Just your regular “Belarusian drug addicts and drunks” were in the cell with us: IT professionals and entrepreneurs

“Dzimon and I entered a prison cell and heard ‘Guys, help yourselves to some bread!’ right away. It was so cool! I made my bed on the floor and took a nap. It was unclear what was going on and what would happen later. We started exercising in the cell and made chess pieces out of bread. Just your regular ‘Belarusian drug addicts and drunks’ were in the cell with us: IT professionals and entrepreneurs.

“Bro, this hoodie saved my life!”

After we had been led out of the cell on the second day, I came back without Dzimon. I was about to go to sleep when the door opened: ‘Maksimau, out!’ Wow!

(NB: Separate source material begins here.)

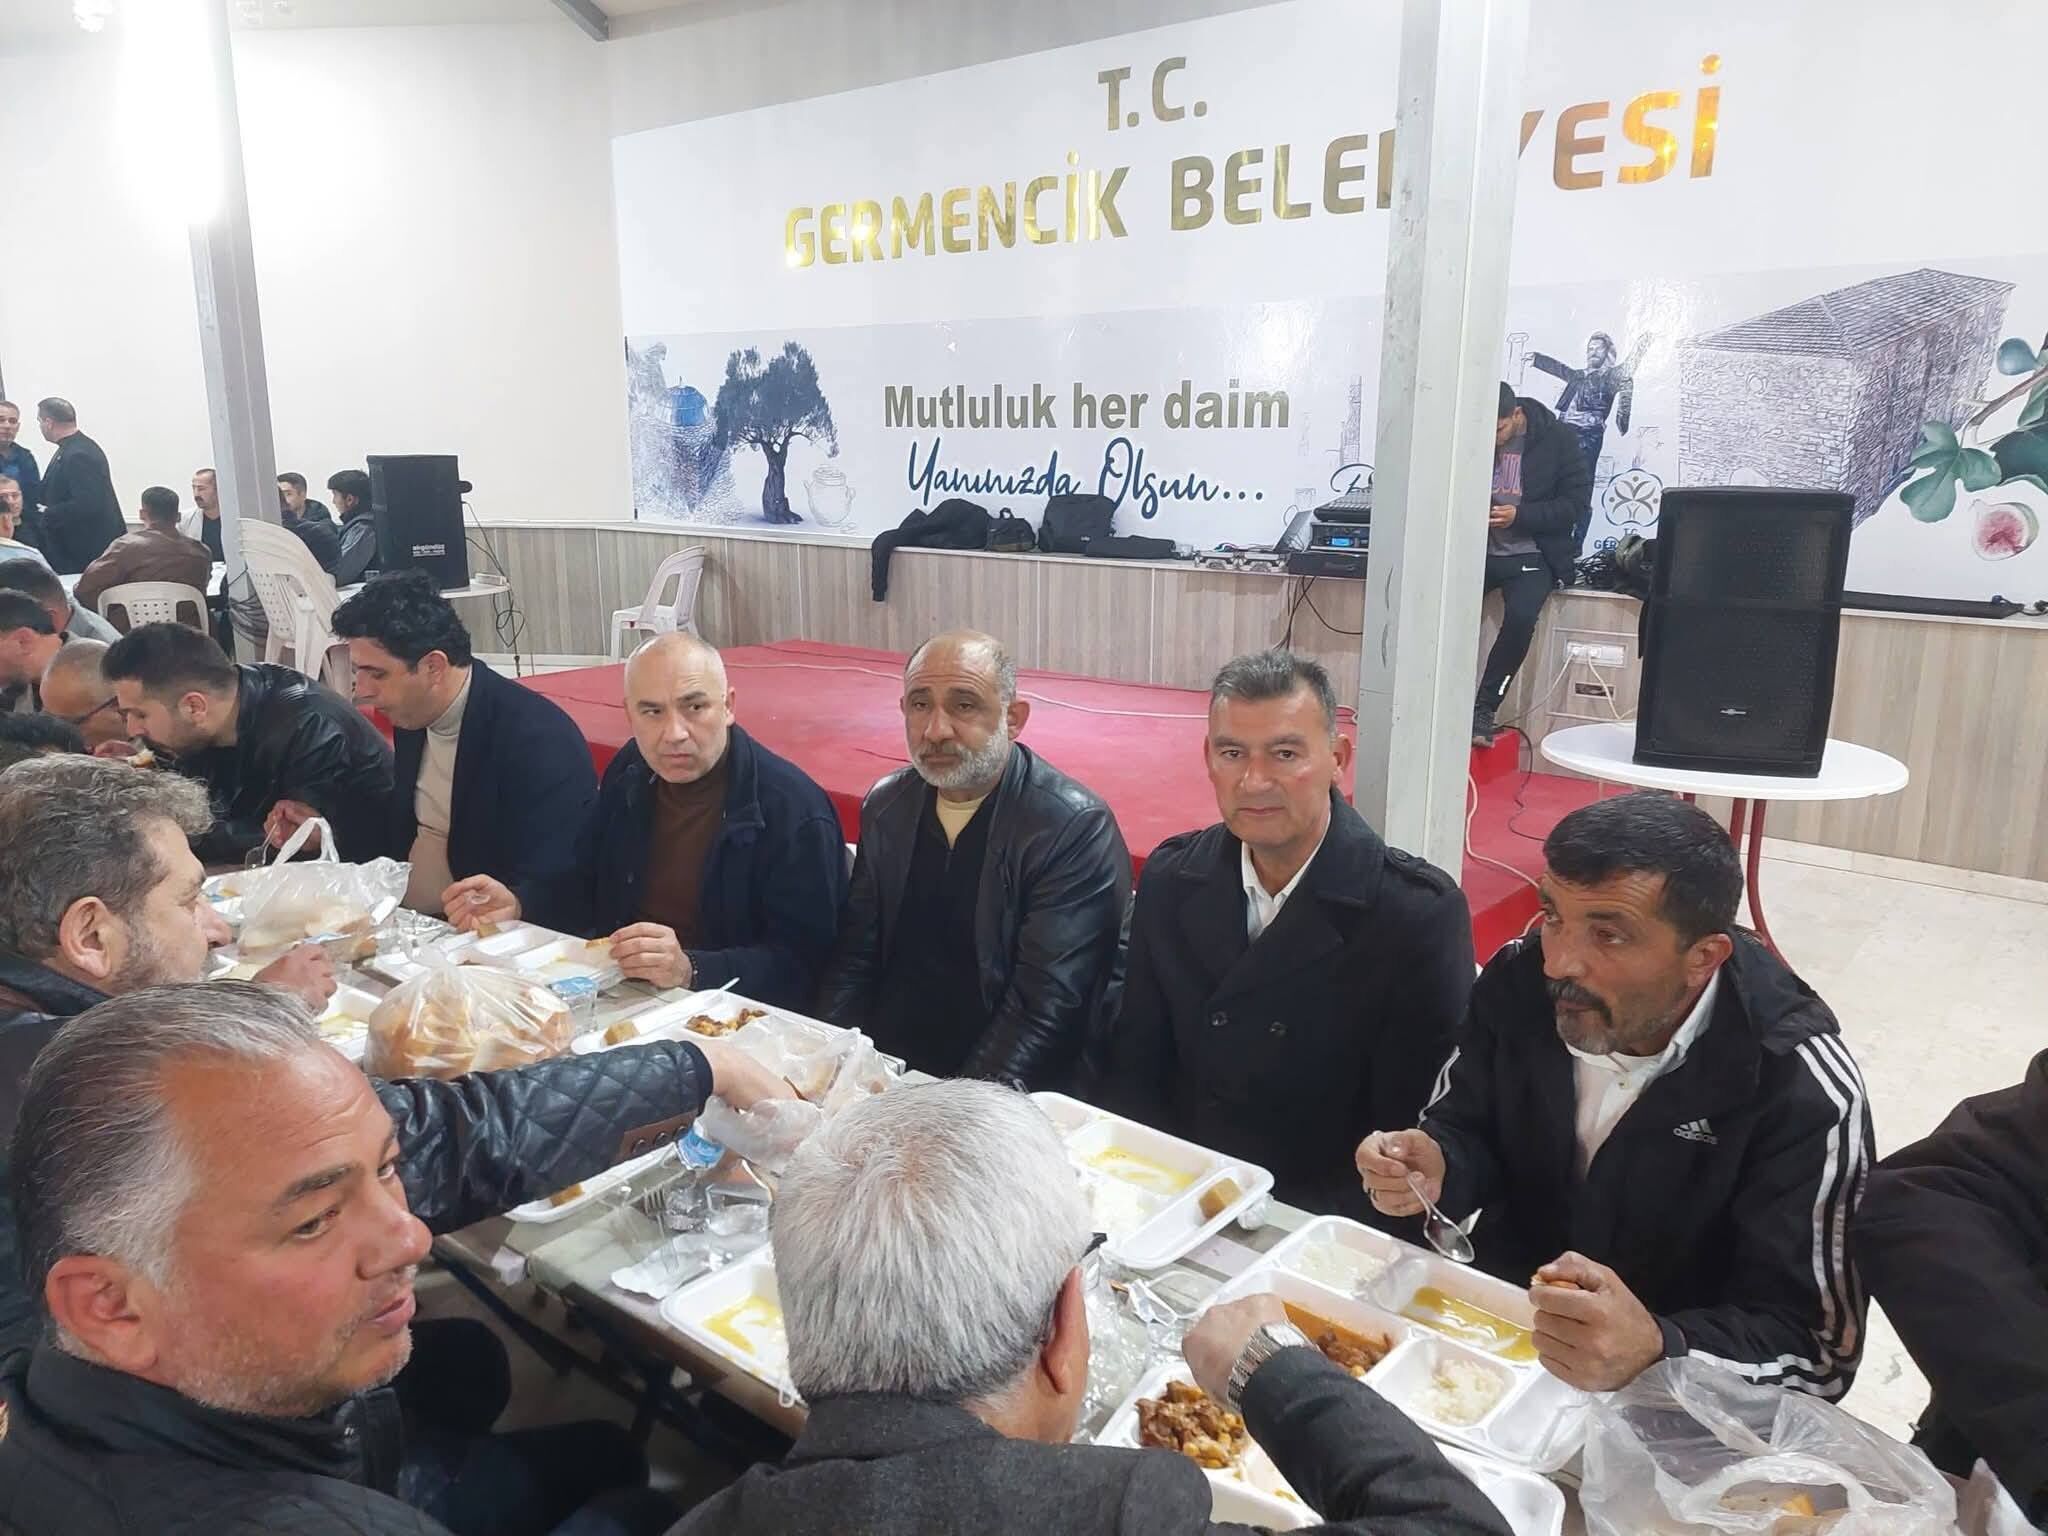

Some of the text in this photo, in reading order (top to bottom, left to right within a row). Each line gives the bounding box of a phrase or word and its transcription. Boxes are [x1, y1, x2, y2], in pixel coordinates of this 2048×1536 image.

[1098, 56, 1208, 131] T.C.
[785, 53, 1721, 268] GERMENCİK BELEESİ
[884, 378, 1290, 429] Mutluluk her daim
[1673, 1127, 1718, 1145] adidas

I stood up against the wall, turned my head, and saw a guy wearing my hoodie, the one I left in the offender detention center. ‘That’s my hoodie!’ ‘I know, bro, it saved my life!’

We left the facility together, there were so many people around – I was shocked! We were given rations and laces right away, and… my dad was standing there! My name was on the detainee list in Mahiliou, and my father spent the night next to the temporary detention center there and went to Minsk and Zhodzina later. He cast his vote for Lukashenko, by the way. But I think his opinion changed after what had transpired.”

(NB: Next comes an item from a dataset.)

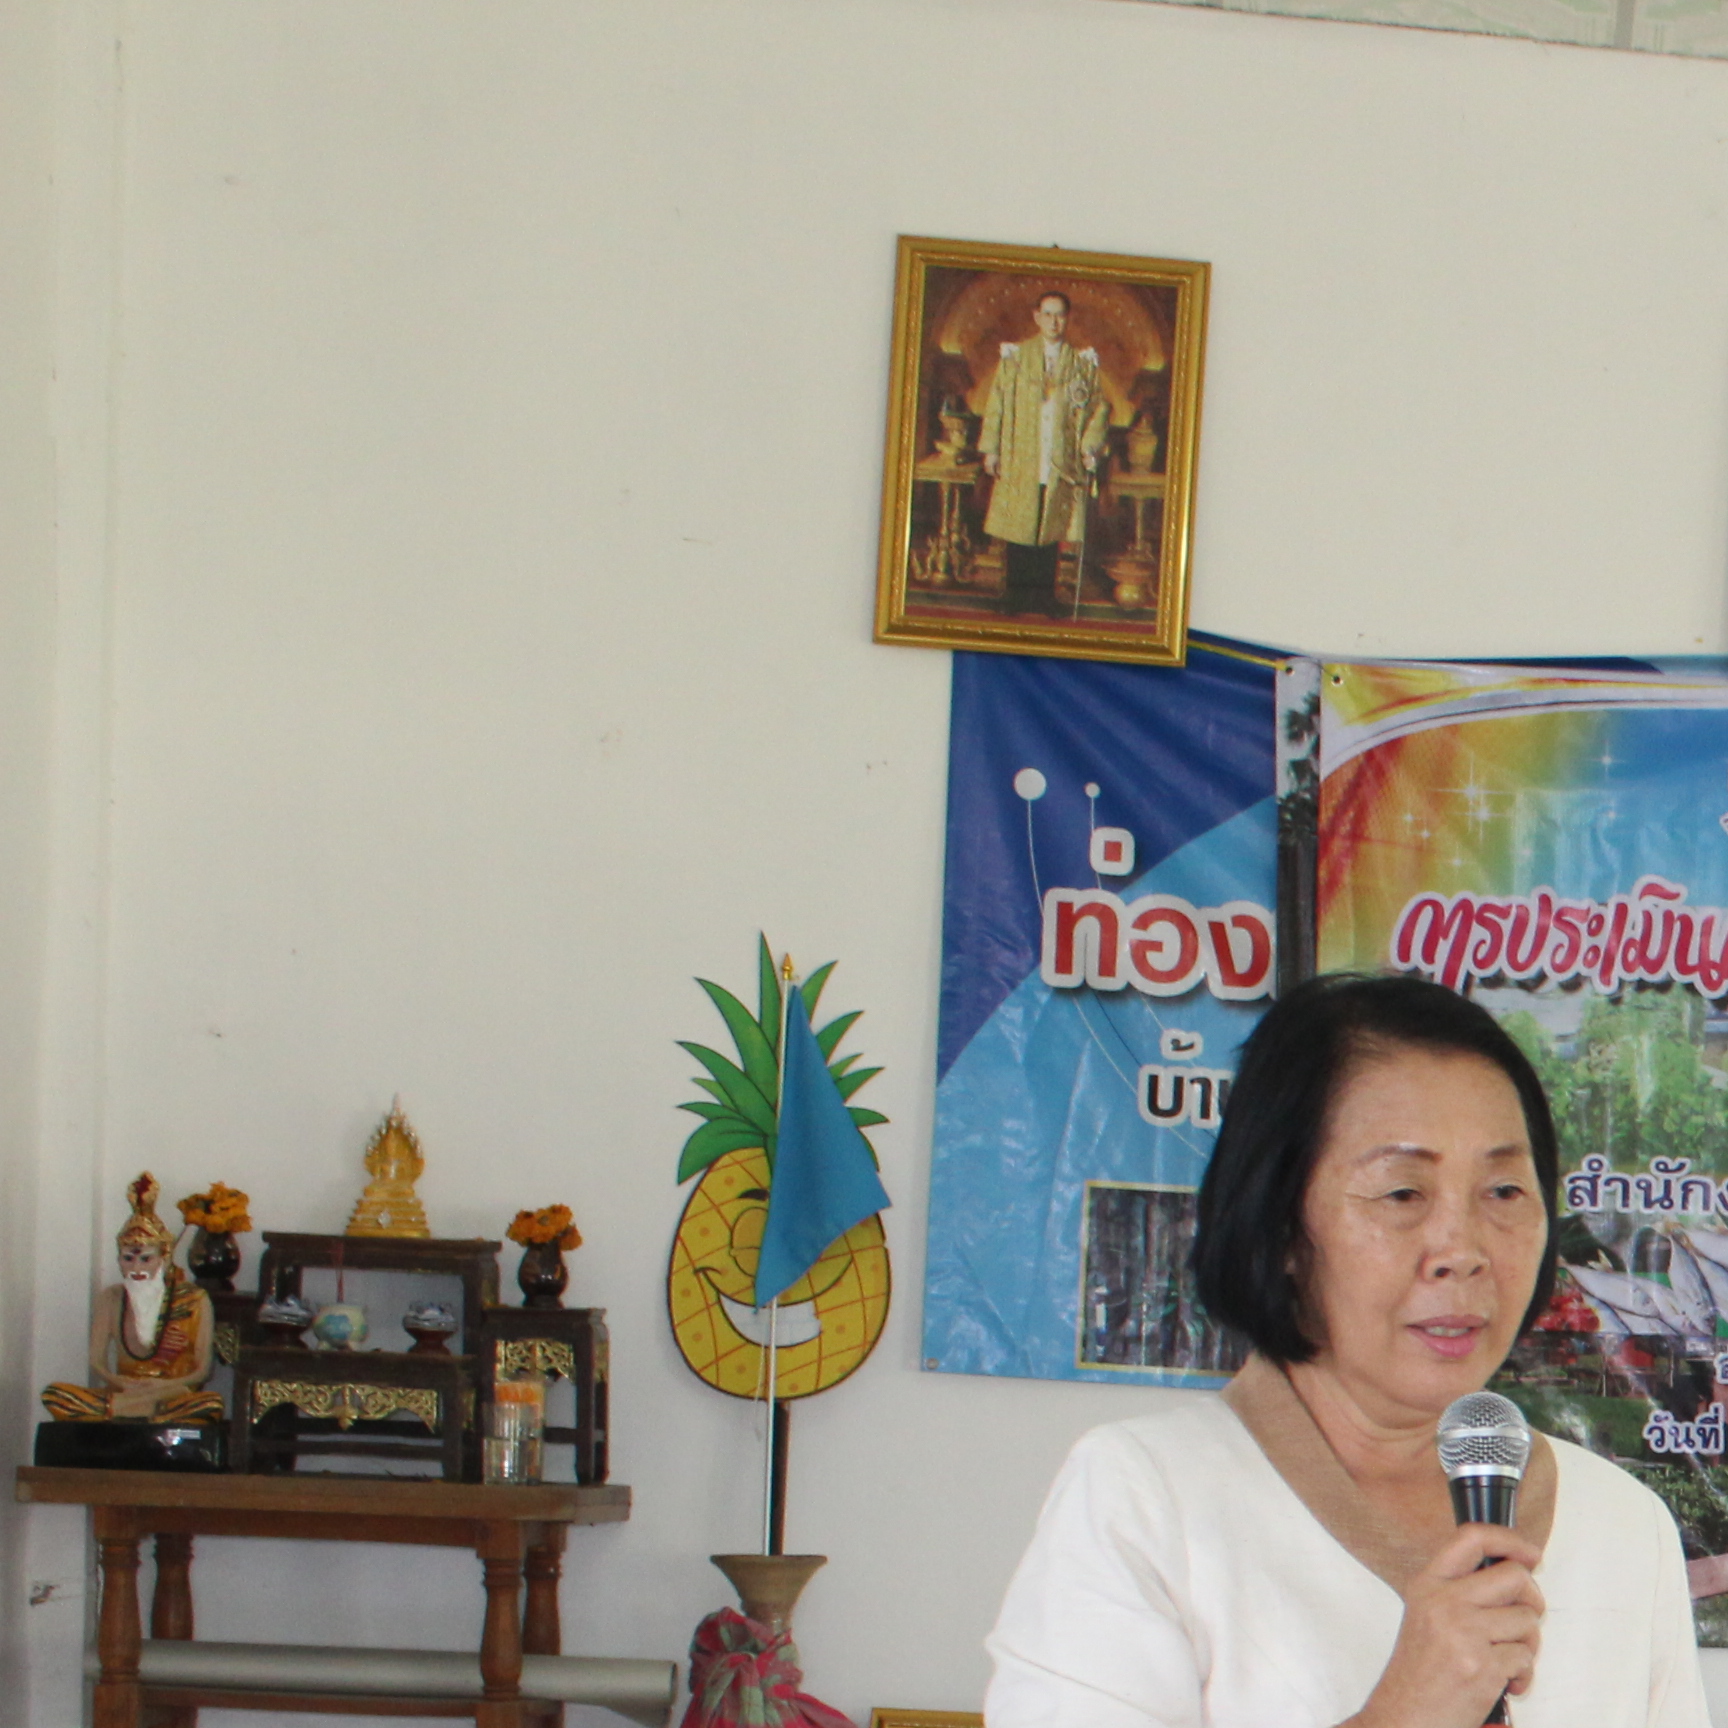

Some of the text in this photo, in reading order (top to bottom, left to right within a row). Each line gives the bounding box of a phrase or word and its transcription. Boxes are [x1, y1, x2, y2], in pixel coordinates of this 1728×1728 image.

“At the end of October, I started getting calls from a police office: they wanted me to come to a meeting with them. I postponed this for as long as I could. I told them I was sick and slept over at a friend’s house. An acquaintance of mine who had left Belarus gave me the contact info for the Dapamoga foundation. Dapamoga representatives told me that I had to flee: security forces wouldn’t leave me alone. I lied to my parents about visiting a friend in Minsk, and I only brought one backpack with me. I managed to hitchhike to the border. I was afraid I wouldn’t be let out of Belarus and let into Lithuania without a visa, but the foundation helped. Only at the Belarus-Lithuania border did I call my mom. She didn’t believe me at once, but she now seems to have made peace with my moving abroad. She says it’s better than being in prison.”

Maksim is now working in medical mask manufacturing and renting an apartment with other Belarusians who were forced to leave the country in a hurry. He’d like to continue his education, but he does not have a high school diploma. Maksim says that as he was a community college student, he only has a high school graduation certificate, which “does not count for anything anywhere”. If you’d like to support Maksim, you can order his handmade wall clocks featuring the Pahonia coat of arms here.

P.S. Maksim has not filed a claim with the Investigative Committee of Belarus.